HOK’s Trina Marshall argued that the obsession to nail this definition will be to the industry’s detriment. “To really unlock all of the value chains that lie within an organisation, we have to look transversally at all the elements of the built environment, and how they relate upstream and downstream in line with the opportunities available,” she said. “We shouldn’t continue trying to define it. We should have a growth mindset, and that means we should not limit our thinking with definitions.”

In opposition, Sheffield Hallam University’s Owen Gower pointed to the problem with FM’s lack of an identity. “Potential clients, users, stakeholders and talent – they need to know what we’re about,” he said. “When I talk to people, I don’t say I work in FM; I say I work as a built environment property consultant. It doesn’t describe what I do exactly, but it is something they can hang their hat on and recognise. And those are the people that matter. This definition isn’t an egotistical thing; it’s about getting that message to different people.”

 

What’s in a name? Well, a lot if you have to sell it.

Gower reminded fellow panellists that to a lot of people ‘the workplace’ means ‘the office’. “That’s trying to redefine a word in the English language,” he said. “Focusing [on this topic] is important, it’s something we should do, but focusing on workplace – maybe not.”

This is where Gower agreed with Marshall: “If you focus on one thing, you lose focus on the other things. You lose focus of the places and spaces that support our social infrastructure. Work is not the primary infrastructure. In the next 20 years, the percentage of the population approaching their 80s is going to triple. It’s going to break the social care system. If we side-line our social infrastructure – the places that support our social and health care systems – if we don’t focus on it now, it’ll be too late.”

For Andrew Mawson, director of Advanced Workplace Associates (AWA) and creator of Workplace Week London, the FM/workplace debate is a strange one. He believes language is getting in the way.

“FM tends to be thought of as an operational discipline,” he explained. “It’s a really important operational discipline –  but to many, it means managing the environment and focusing on the building. Whereas, the world of ‘workplace management’ is about designing and delivering multi-faceted, minute-by-minute, multi-sensory experiences that create an emotional response. It encompasses thinking about journeys and destinations, the fusion of space, information, and services – and how these reflect organisational personality, support human effectiveness, and lure in talent.”

Pickard agreed with the sentiment but deemed Mawson’s labelling as incorrect. “My generation has failed if people still think FM is about the built environment.
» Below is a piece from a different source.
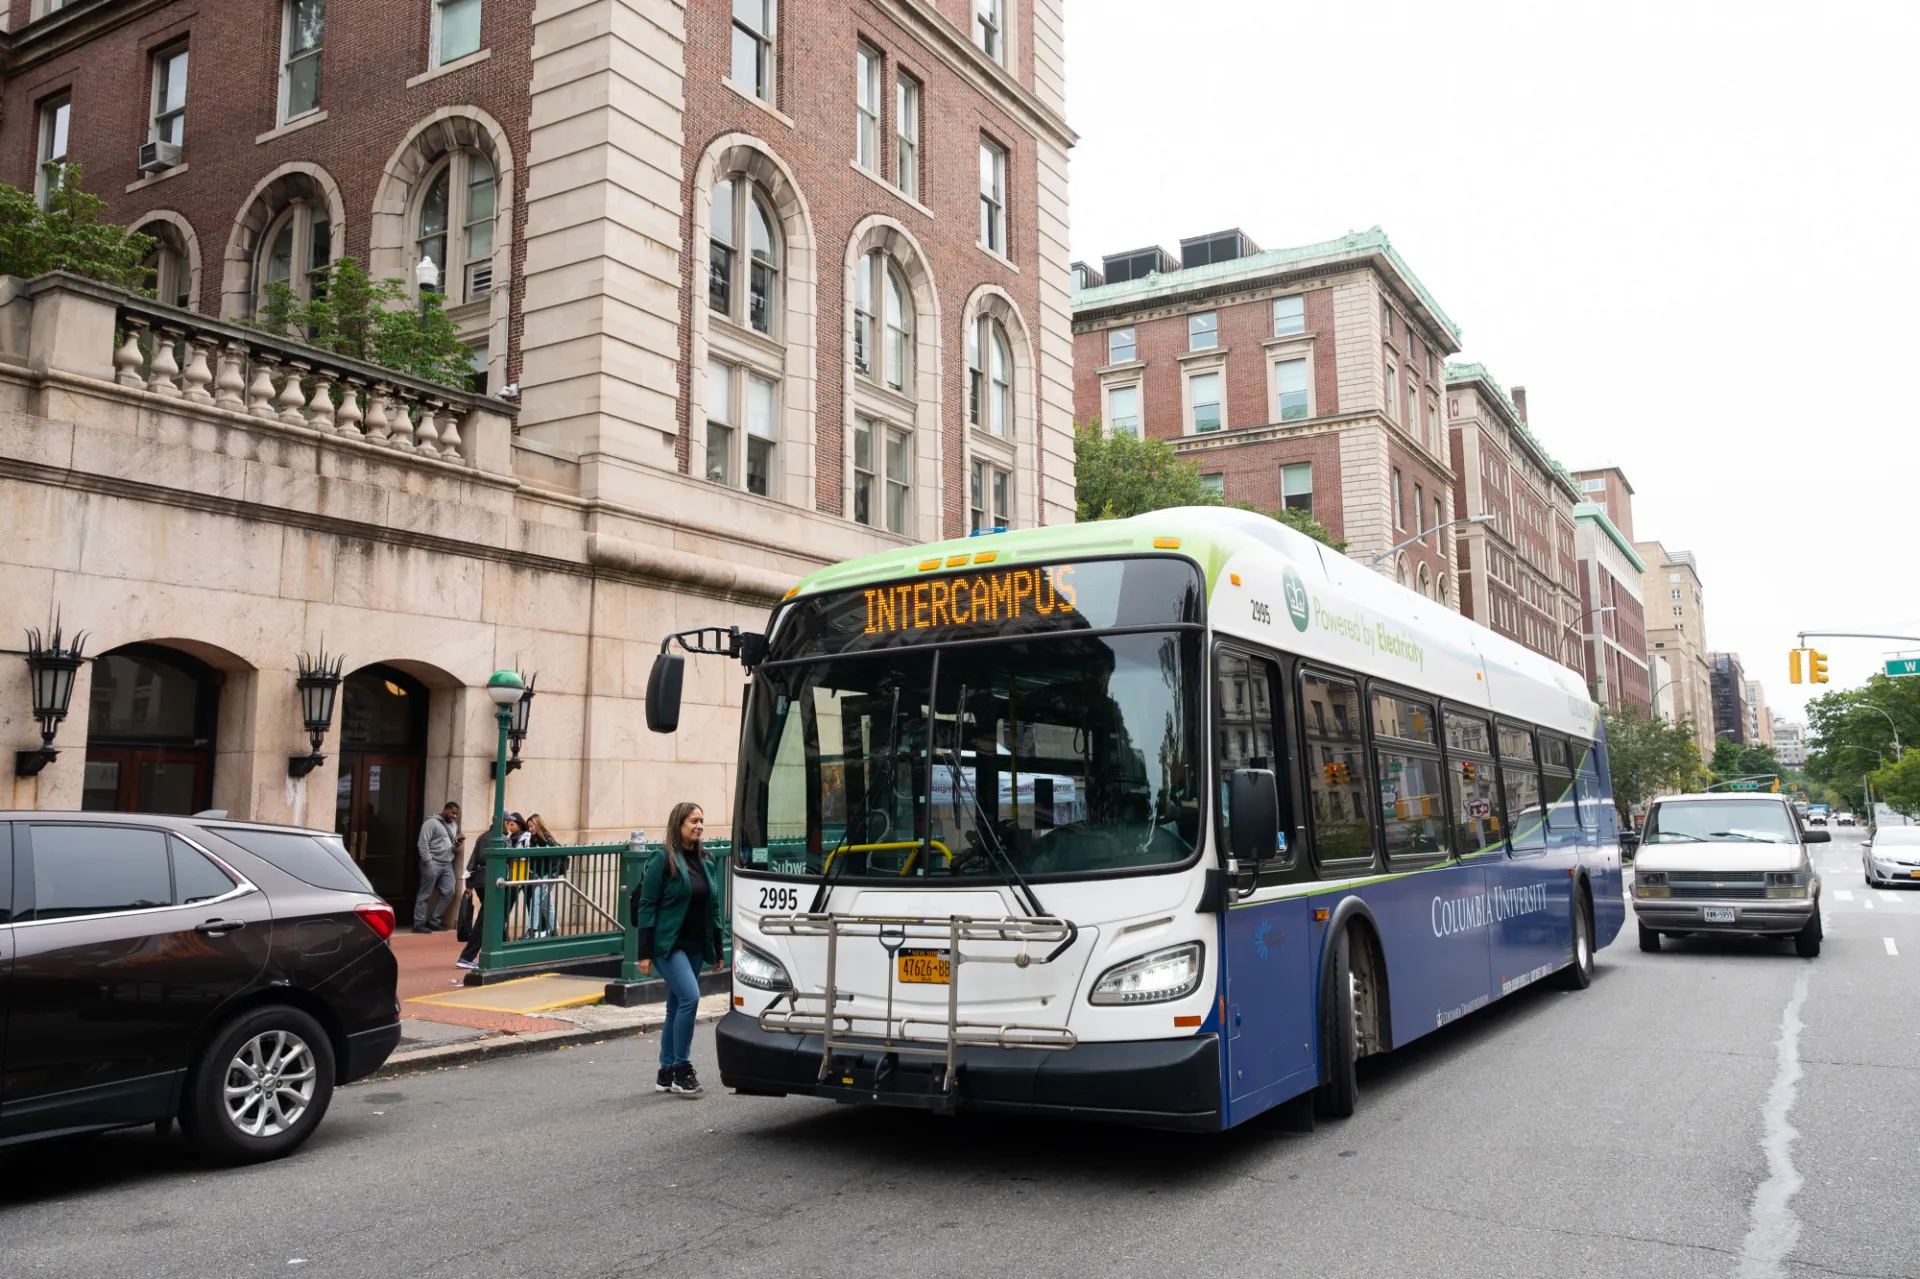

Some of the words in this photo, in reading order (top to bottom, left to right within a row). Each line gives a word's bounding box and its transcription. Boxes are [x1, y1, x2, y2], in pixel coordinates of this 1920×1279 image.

Successful facility managers have collaborated with other disciplines, embraced new tech, and applied strategy to support the organisations they serve,” he said. “The role of FM hasn’t changed, but how we do it has changed. We have to change what we do to reflect the needs of the organisations that we serve.”

And that, it seems, is the one thing we can all agree on. ‘FM or ‘workplace management’, whatever you want to call it, has to be promoted and strengthened as a business-critical offering – both in and outside of our communities.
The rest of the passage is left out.